Red Cell Half Life Determination in Patients With and Without Sickle Cell Disease

About the study

Background:

Sickle cell disease (SCD) is an inherited blood disorder. It results from a single genetic
change (mutation) in red blood cells (RBCs). RBCs are the cells that carry oxygen to the
body. In people with SCD, some RBCs are abnormal and die early. This leaves a shortage of
healthy RBCs. Researchers want to learn more about how long RBCs live in the human body.

Objective:

To study how long RBCs live in people with and without SCD.

Eligibility:

People age 18 and older who either have SCD, had SCD but were cured with a bone marrow
transplant, have the sickle cell trait (SCT), or are a healthy volunteer without SCD or SCT

Design:

Participants will be screened with a medical history and physical exam. They will give a
blood sample.

Participants will have a small amount of blood drawn from a vein.
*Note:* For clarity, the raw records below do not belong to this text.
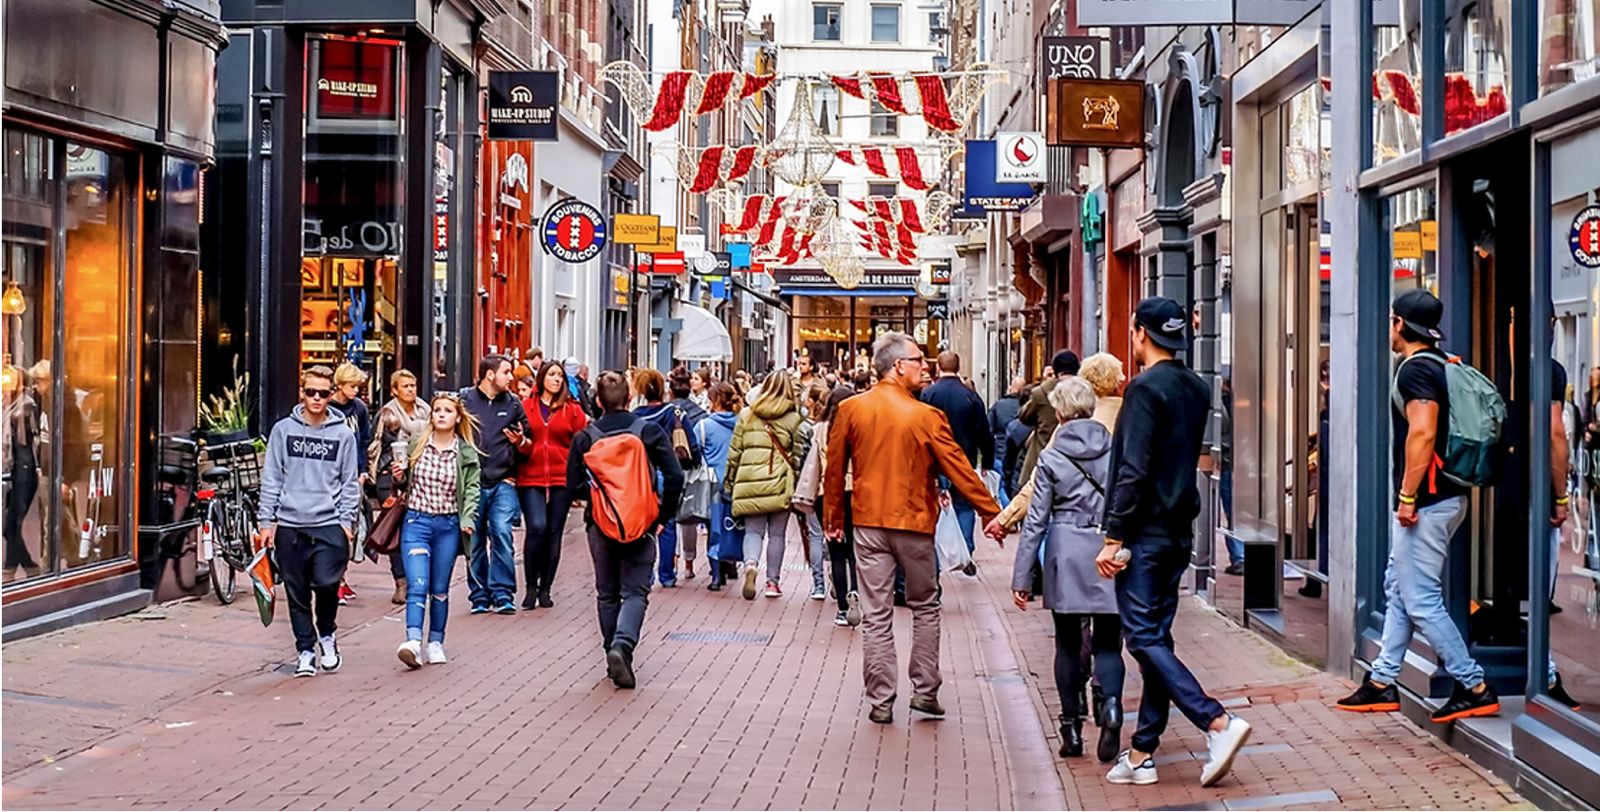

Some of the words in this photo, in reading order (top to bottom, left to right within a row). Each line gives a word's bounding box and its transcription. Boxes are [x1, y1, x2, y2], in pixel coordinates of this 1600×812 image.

[1048, 44, 1095, 64] UNO
[491, 108, 524, 118] MAKE-UP
[524, 108, 551, 118] STUDIO
[969, 197, 1000, 205] STATE
[551, 204, 602, 226] SOUVENIRS
[553, 242, 598, 260] TOBACCO
[789, 275, 832, 283] AMSTERDAM
[293, 440, 328, 457] snipes
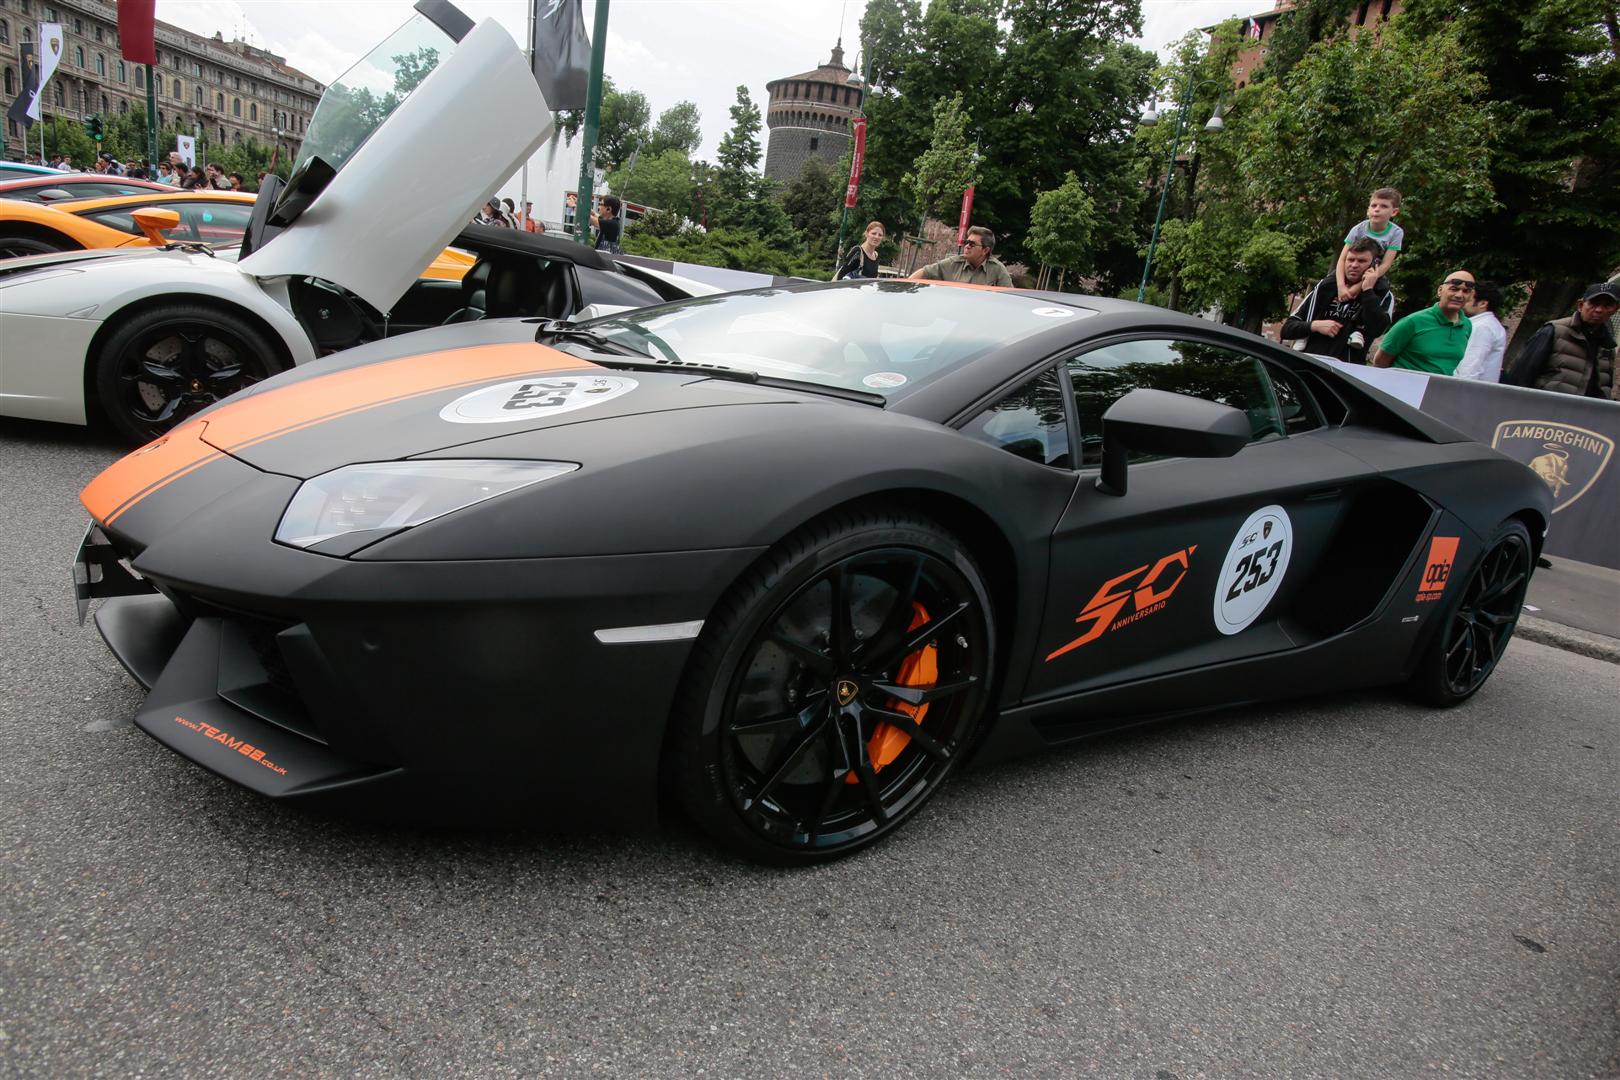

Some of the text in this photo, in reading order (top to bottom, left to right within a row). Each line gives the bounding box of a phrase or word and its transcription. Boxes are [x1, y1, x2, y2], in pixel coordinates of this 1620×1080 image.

[502, 381, 578, 410] 253
[1503, 426, 1604, 455] LAMBORGHINI
[1225, 539, 1284, 603] 253
[1045, 544, 1198, 662] 50
[1111, 601, 1167, 632] ANNIVERSARIO
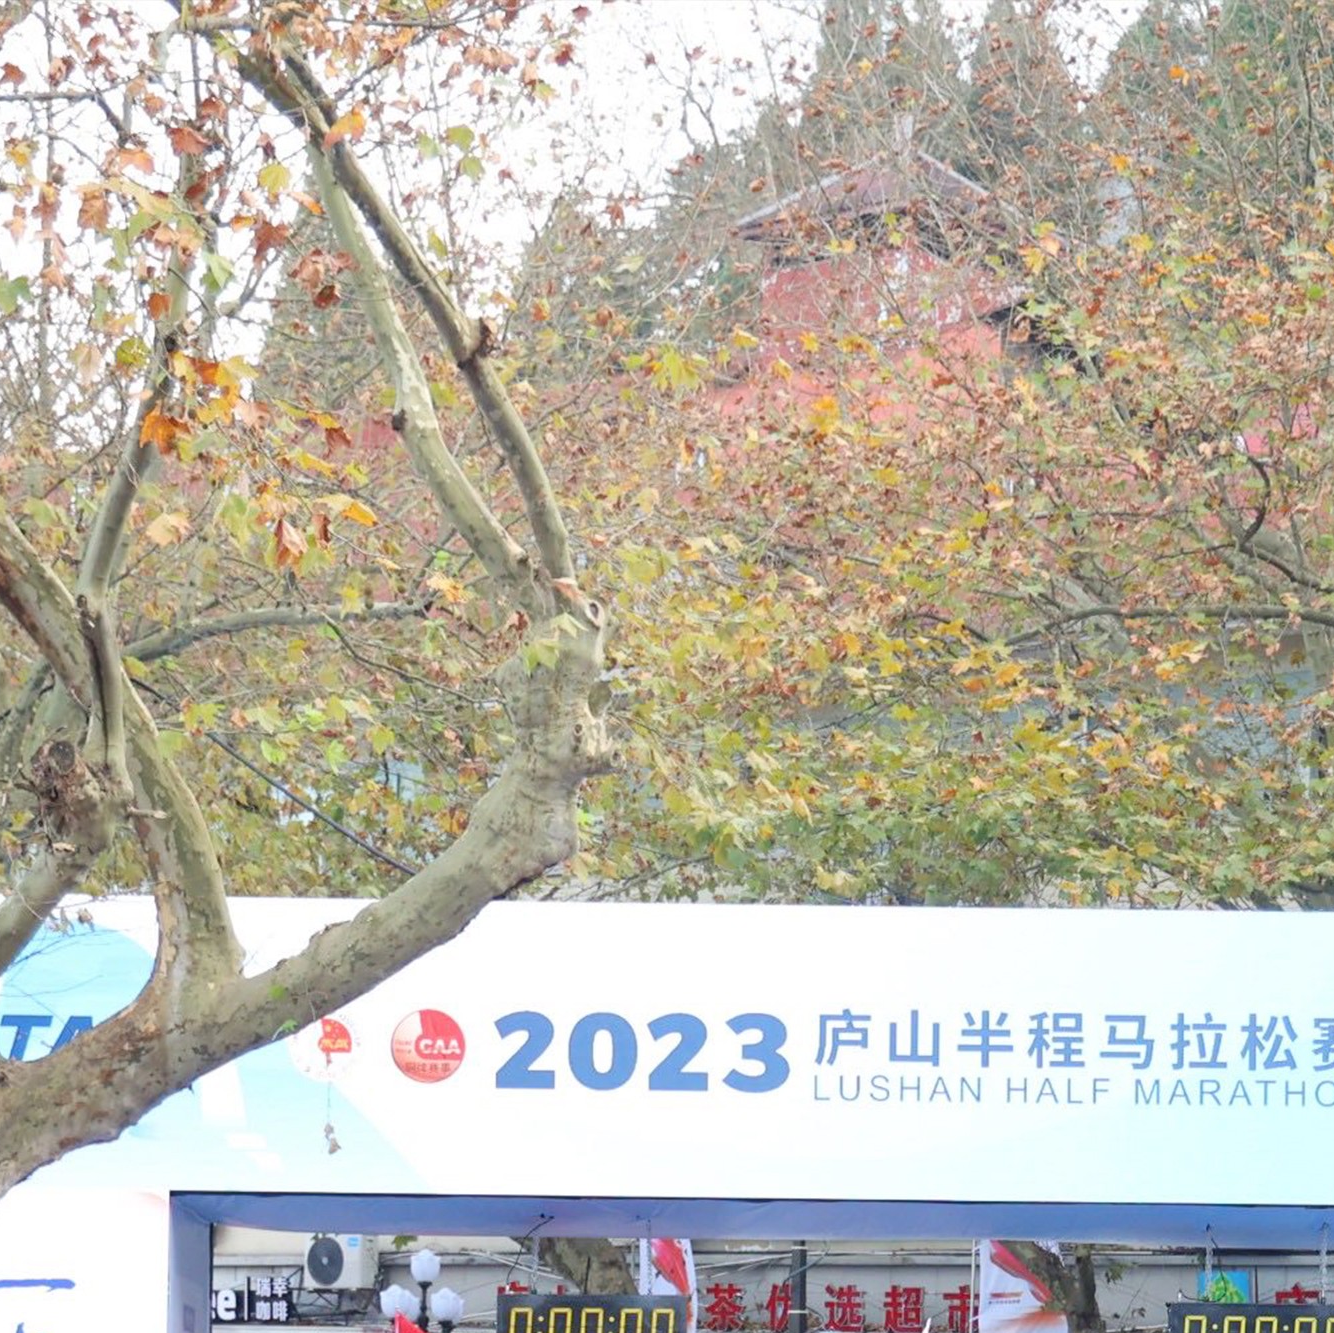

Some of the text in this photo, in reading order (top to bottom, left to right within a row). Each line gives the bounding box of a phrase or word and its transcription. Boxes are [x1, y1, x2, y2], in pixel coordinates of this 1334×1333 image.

[418, 1038, 461, 1055] CAA
[494, 1010, 791, 1093] 2023
[814, 1074, 984, 1102] LUSHAN
[1006, 1077, 1111, 1105] HALF
[255, 1277, 288, 1298] 瑞幸
[255, 1300, 288, 1322] 咖啡
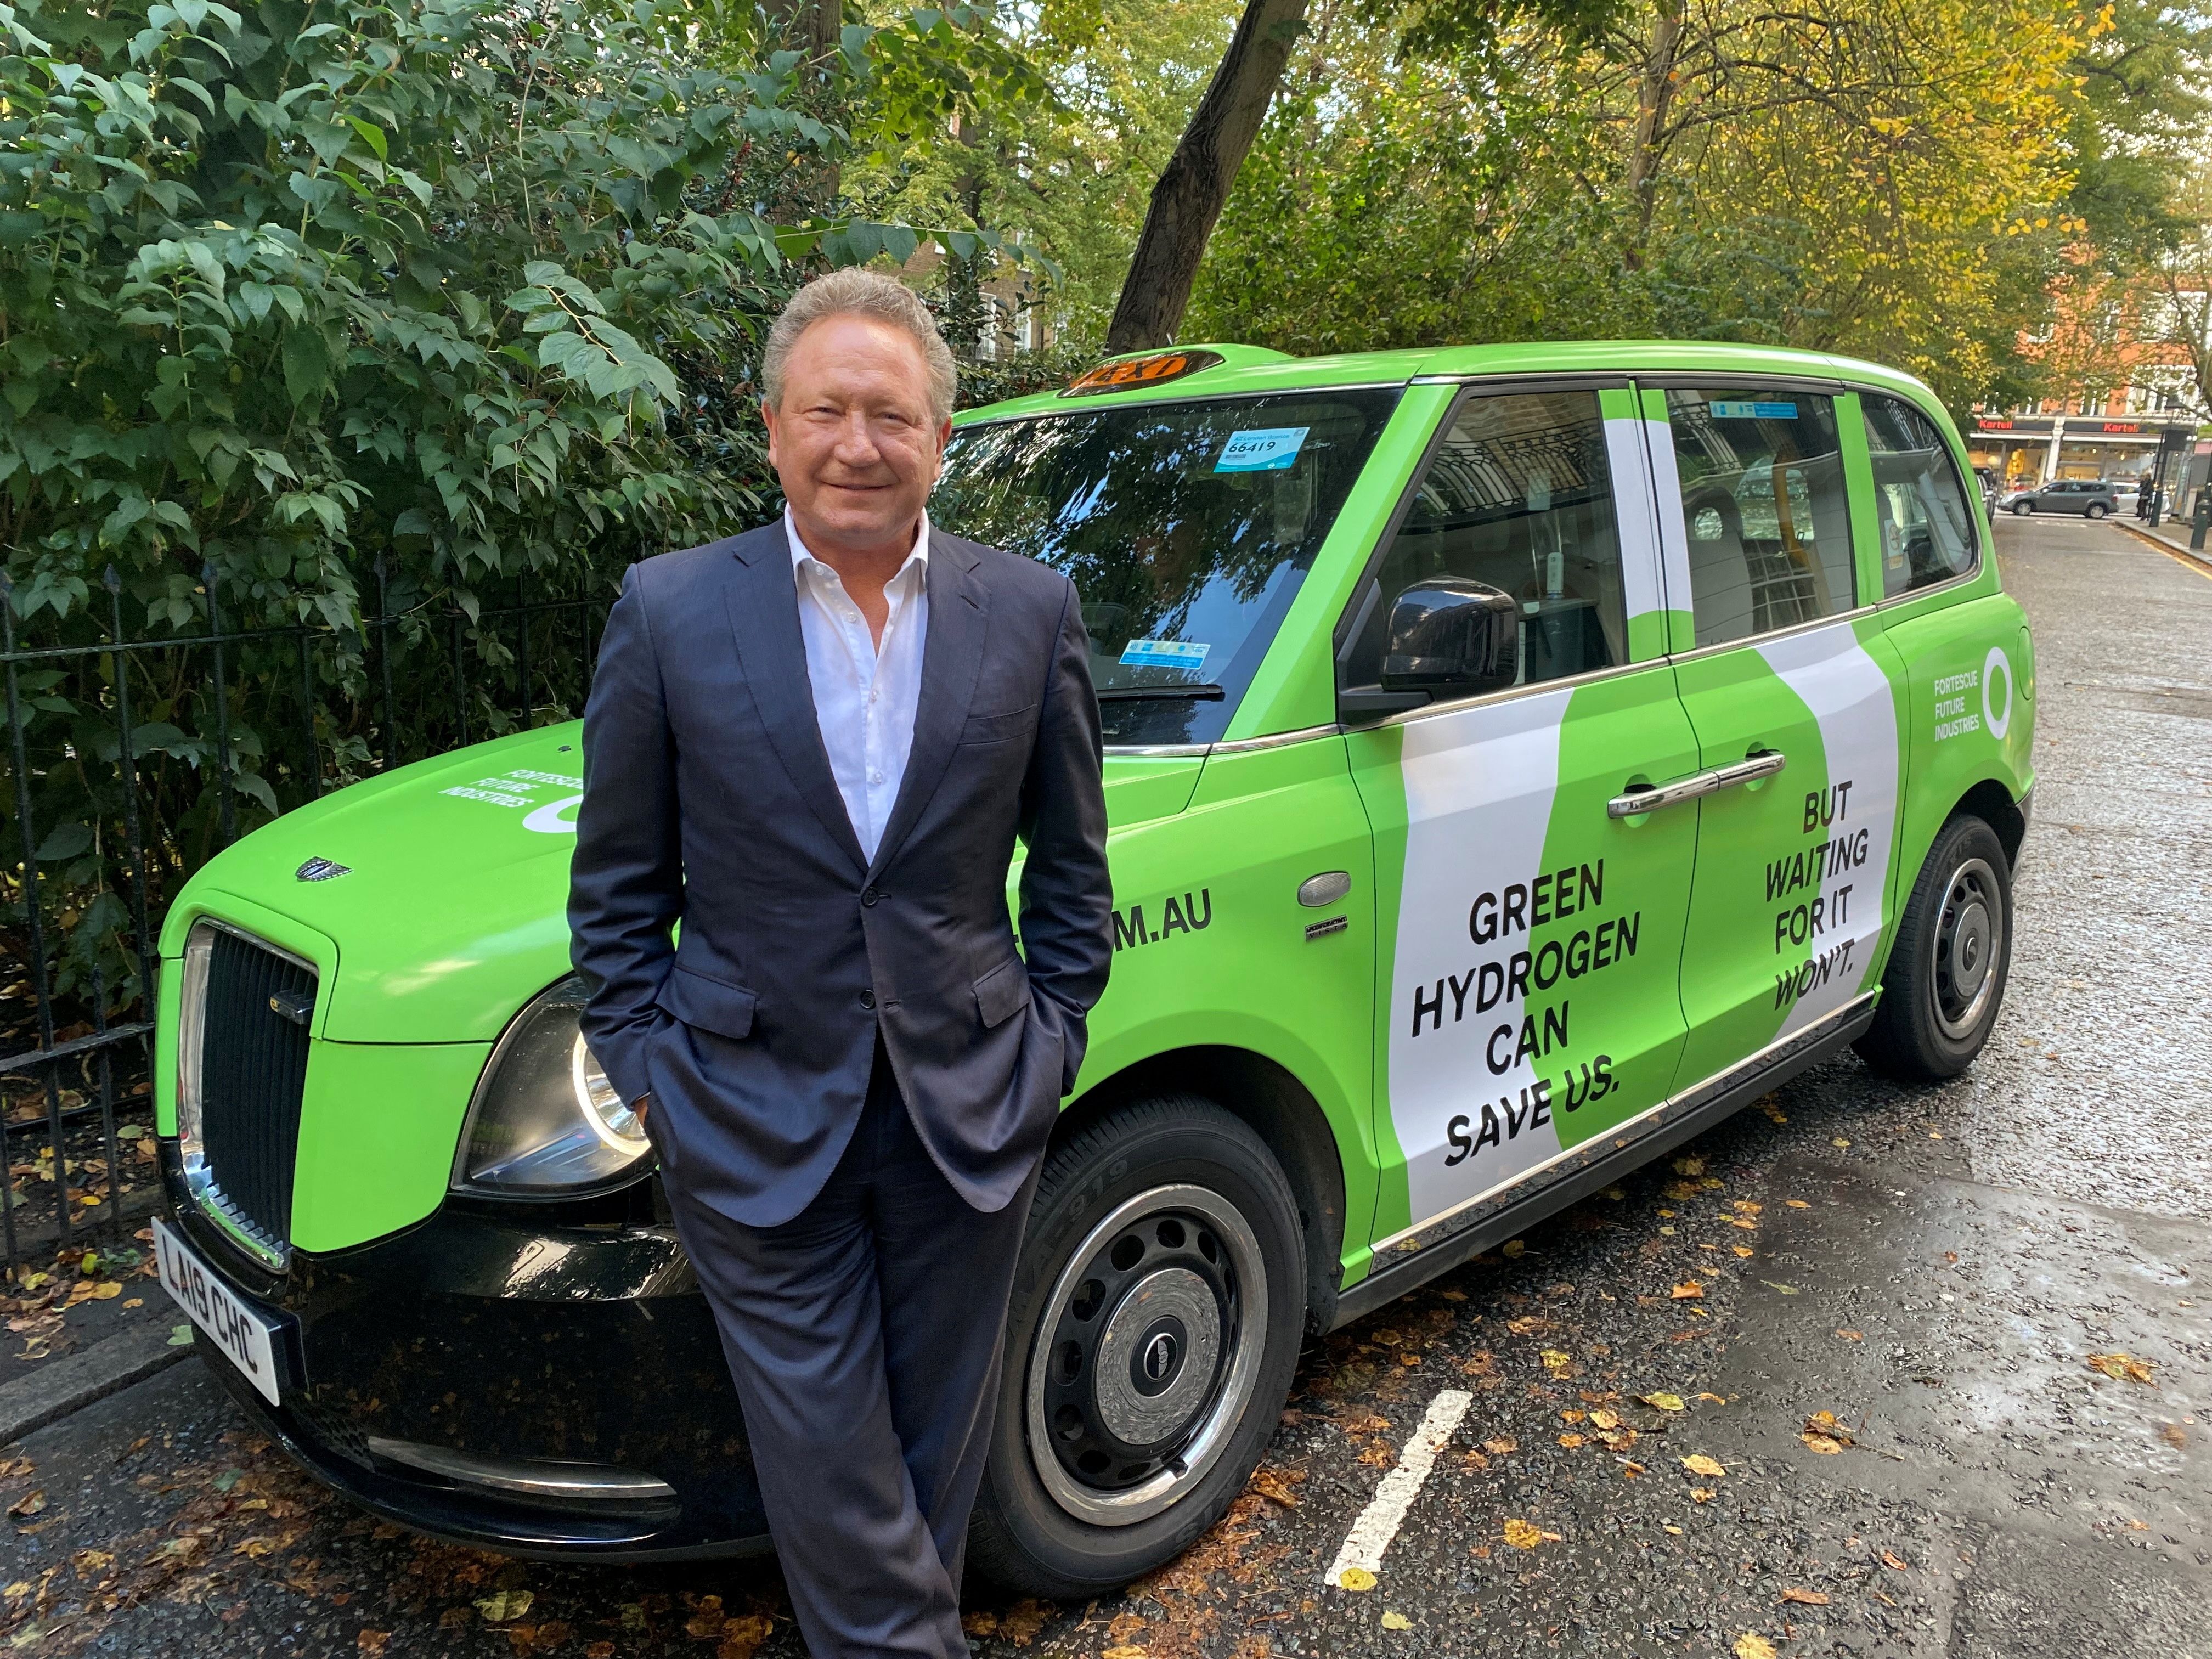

In the laboratory, the
blood will be mixed with a vitamin called biotin. Biotin sticks to the outside of RBCs
without changing their function, shape, or overall lifetime. This process is known as biotin
labeling of RBCs. The biotin labeled RBCs will be returned to the participant via vein
injection.

Participants will give frequent blood samples. Their RBCs will be studied to see how many
biotin labeled RBCs remain over time. This shows how long the RBCs live. Participants will
give blood samples until no biotin labeled RBCs can be detected.

During the study visits, participants will report any major changes to their health.

Participation lasts for up to 6 months.